Bard, 2013 WL 3282926, at *6. This ruling equally applies here.

First, I cannot determine whether these materials constitute inadmissible hearsay until I observe how the plaintiffs use them at trial. In Bard, I found that the materials fell within the hearsay exceptions provided in Federal Rules of Evidence 803(6) and 803(8) and that "to the extent an expert might rely upon AERs in reaching certain opinions," experts can rely on otherwise inadmissible evidence to reach their opinions. Id. at *5 (citing Mahaney ex rel. Estate of Kyle v. Novartis Pharms. Corp, 835 F. Supp. 2d 299, 312 (W.D. Ky. 2011)). These same hearsay exceptions might come into play at trial in this case.

Second, contrary to BSC's position, "courts have held that [AERs and MDRs] may show notice and provide support for causation," so long as the evidence of injuries are "substantially similar to those in the case at bar." Id. Finally, if it appears that the plaintiffs' introduction of AERs and MDRs will create unfair prejudice, BSC should object at that time, informed by the content of the proffered materials and the context in which they are introduced. For these reasons, I DENY without prejudice BSC's motion in limine on this matter.

14. Motion to Preclude Any Evidence or Argument that Pelvic Mesh Can Cause Complications Not Experienced by the Individual Plaintiffs

BSC moves to preclude any evidence of "medical complications purportedly caused by Boston Scientific's devices, but not experienced by Plaintiffs themselves," such as evidence that polypropylene mesh causes "gross hematuria, inflammatory myofibrolastic tumors, and cancer." (Def.'s Mem. Supp. [Docket 197], at 38). Because none of the plaintiffs has alleged these injuries, BSC argues that such evidence is irrelevant and unfairly prejudicial.
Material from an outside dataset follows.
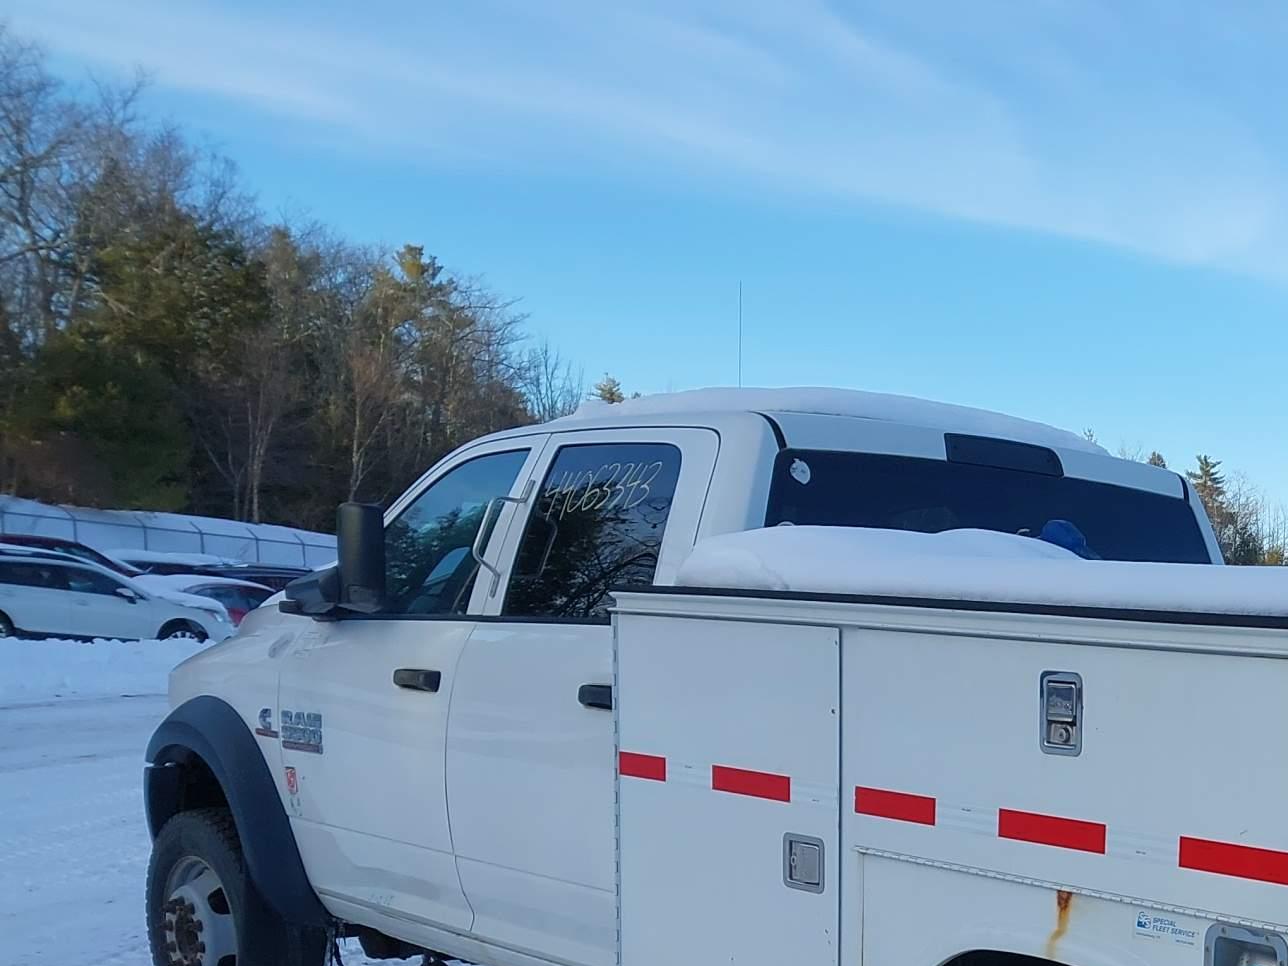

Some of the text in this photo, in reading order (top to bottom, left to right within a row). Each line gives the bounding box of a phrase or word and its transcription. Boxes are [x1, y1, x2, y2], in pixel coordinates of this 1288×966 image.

I agree that evidence of complications that no plaintiff experienced is irrelevant and lacking in probative value. For the claims that require evidence of injury (strict liability for failure to warn, strict liability for design defect, and negligence), only the injuries experienced by the complainant are relevant. Strict liability for failure to warn, for instance, requires the plaintiff to show that the inadequate warning "made the product unreasonably dangerous" and that it "was a legal cause of the loss, injury, or damage to [the] person for whose injury claim is made." In re Standard Jury Instructions in Civil Cases, Report No. 09-10 (Prods. Liab.), 91 So. 3d 785, 799 (Fla. 2012) (providing preliminary approval). Strict liability for defective design also focuses on the plaintiff's injuries. See id. (providing that strict liability concerns whether the product's defect "was a legal cause of the loss, injury, or damage to [the] person for whose injury claim is made"). With respect to negligence, the concern is also for injuries caused to the claimant. Id. at 800. Accordingly, evidence that the Pinnacle causes injuries not experienced by the plaintiffs has little value. Moreover, elaborating on injuries that the plaintiffs did not incur risks "needless presentation of cumulative evidence." Fed. R. Evid. 403. Therefore, BSC's motion in limine on this issue is GRANTED.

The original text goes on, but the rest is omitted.